- [PROMPT]:
Write out each line from the data below that includes the word "words".

- [DATA TO USE]:
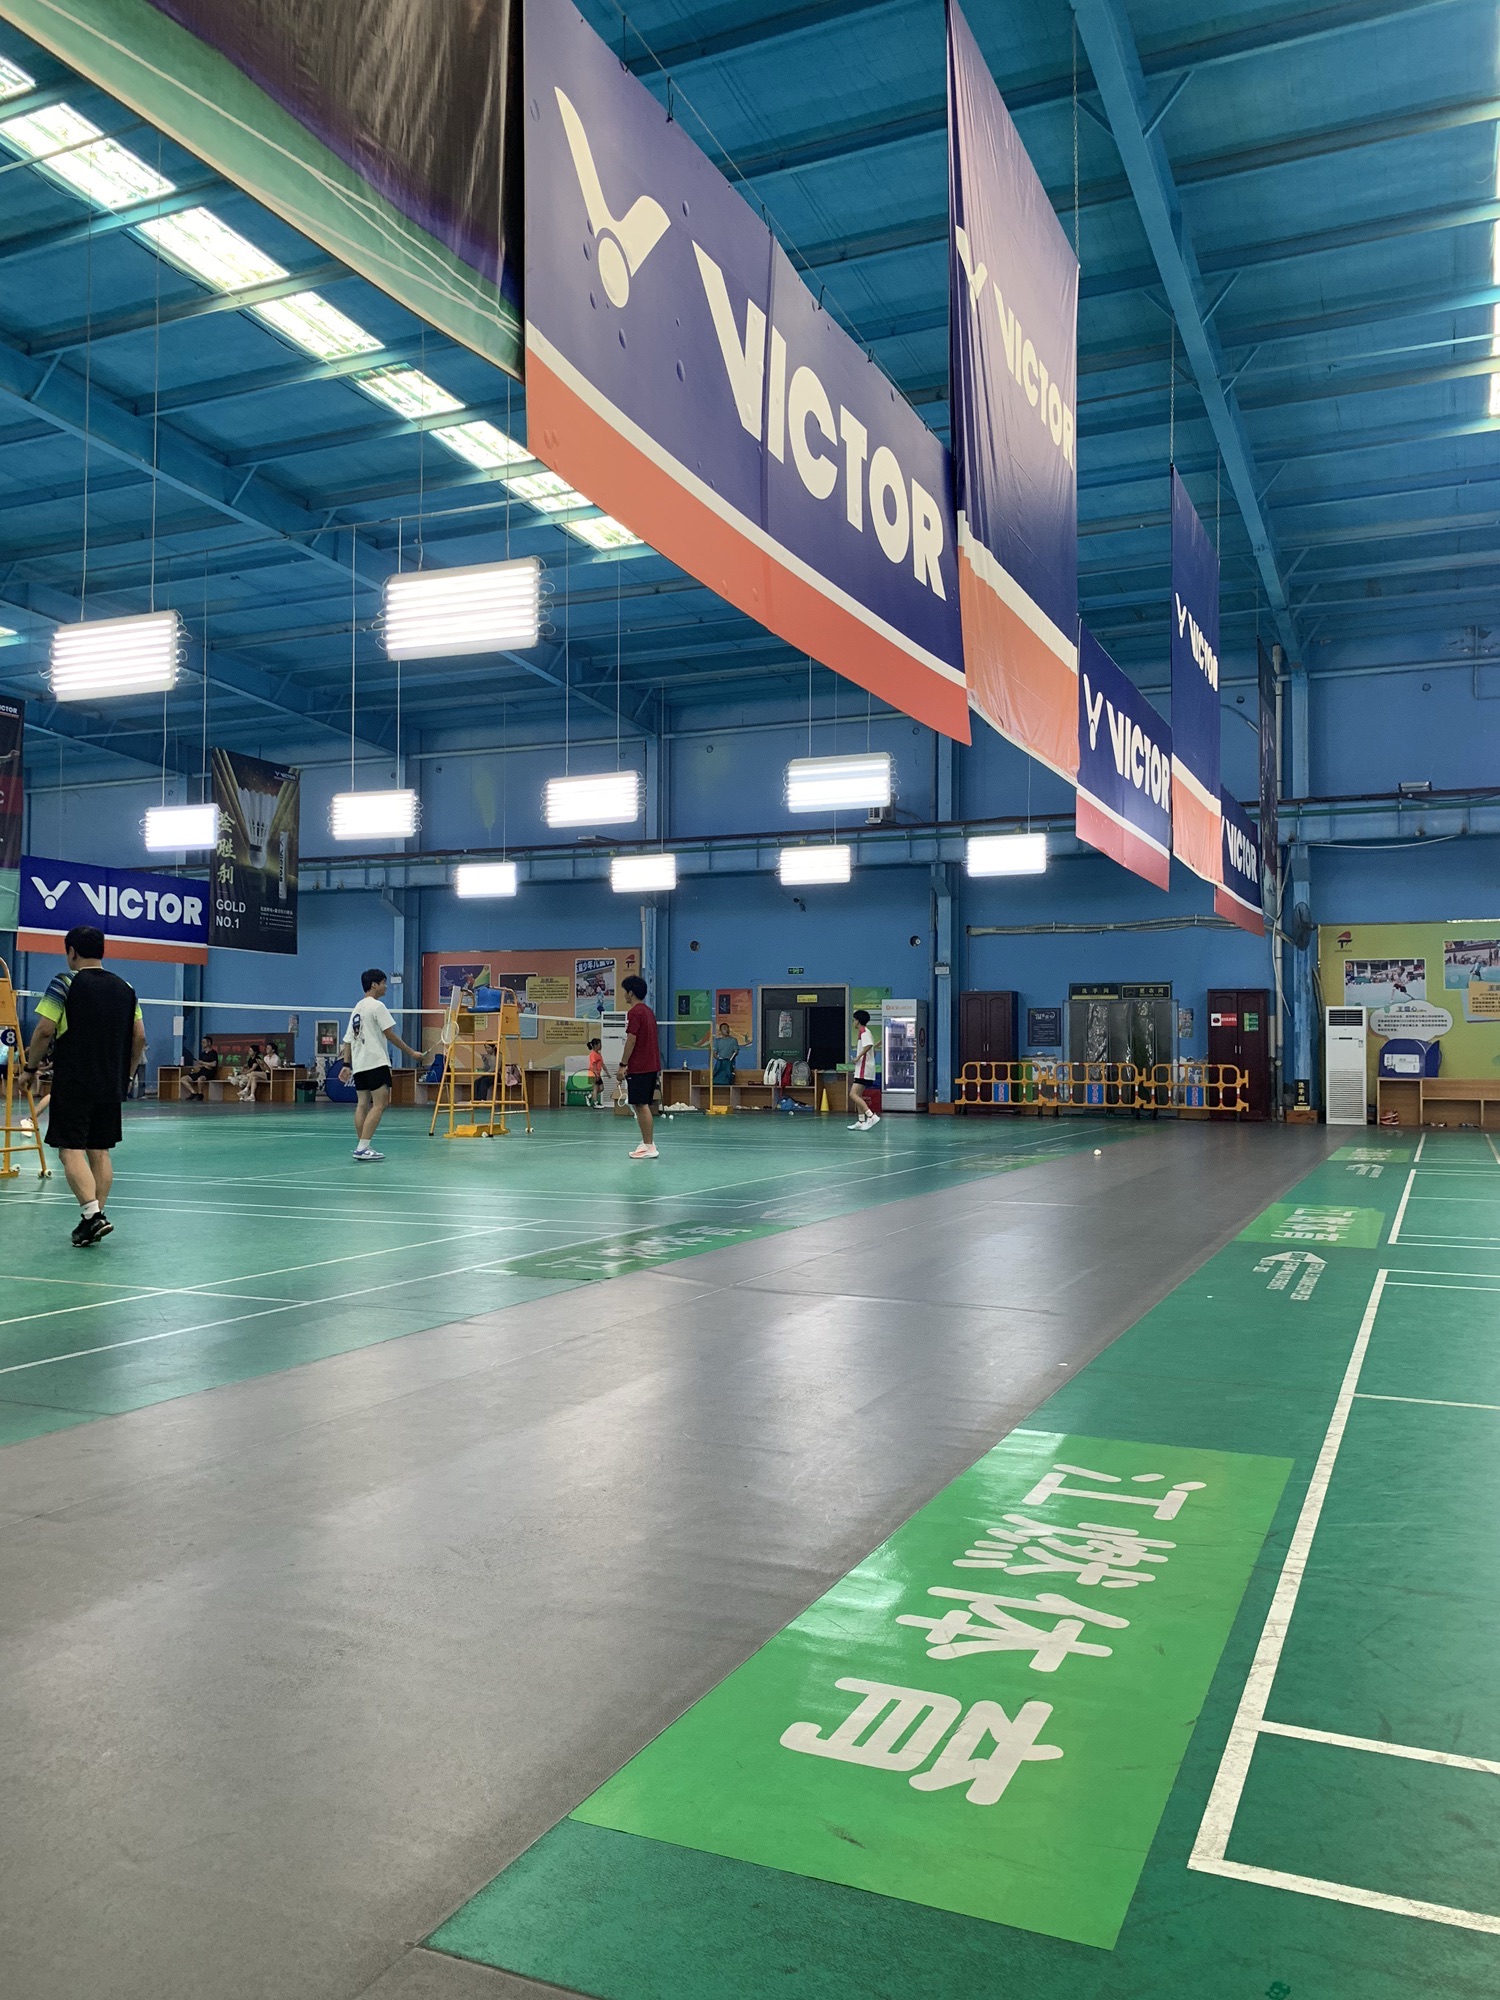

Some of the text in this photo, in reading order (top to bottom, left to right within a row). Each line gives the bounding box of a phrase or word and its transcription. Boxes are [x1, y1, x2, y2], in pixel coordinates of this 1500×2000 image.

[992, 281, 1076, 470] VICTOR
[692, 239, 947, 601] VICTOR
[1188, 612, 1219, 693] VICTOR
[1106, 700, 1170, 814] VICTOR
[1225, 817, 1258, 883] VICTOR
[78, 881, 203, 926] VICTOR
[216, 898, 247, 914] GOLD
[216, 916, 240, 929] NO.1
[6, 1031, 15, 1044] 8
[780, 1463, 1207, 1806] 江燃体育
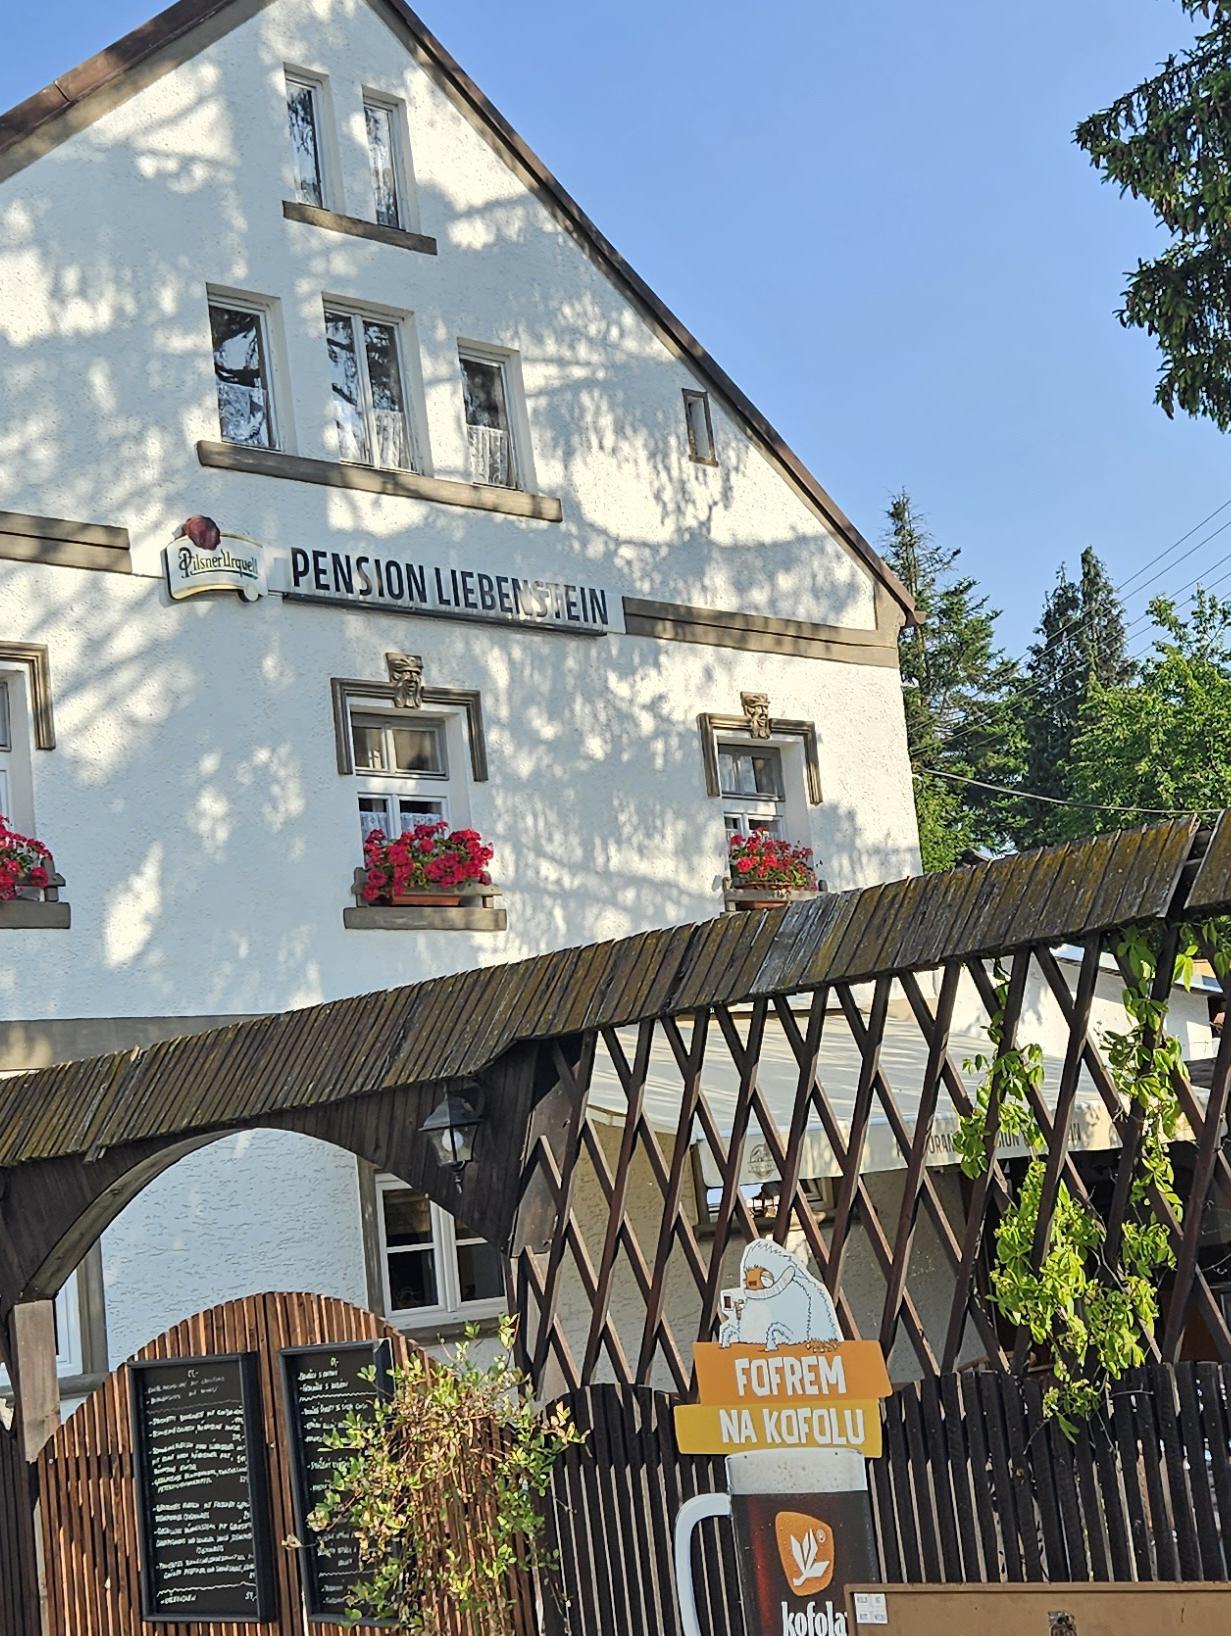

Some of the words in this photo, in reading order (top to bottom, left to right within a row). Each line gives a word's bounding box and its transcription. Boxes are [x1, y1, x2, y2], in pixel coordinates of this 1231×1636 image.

==

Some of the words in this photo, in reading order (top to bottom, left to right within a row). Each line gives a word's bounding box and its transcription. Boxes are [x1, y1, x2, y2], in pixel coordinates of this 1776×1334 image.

- [COMPLETED EXERCISE]:
Some of the words in this photo, in reading order (top to bottom, left to right within a row). Each line gives a word's bounding box and its transcription. Boxes are [x1, y1, x2, y2], in pixel coordinates of this 1231×1636 image.
Some of the words in this photo, in reading order (top to bottom, left to right within a row). Each line gives a word's bounding box and its transcription. Boxes are [x1, y1, x2, y2], in pixel coordinates of this 1776×1334 image.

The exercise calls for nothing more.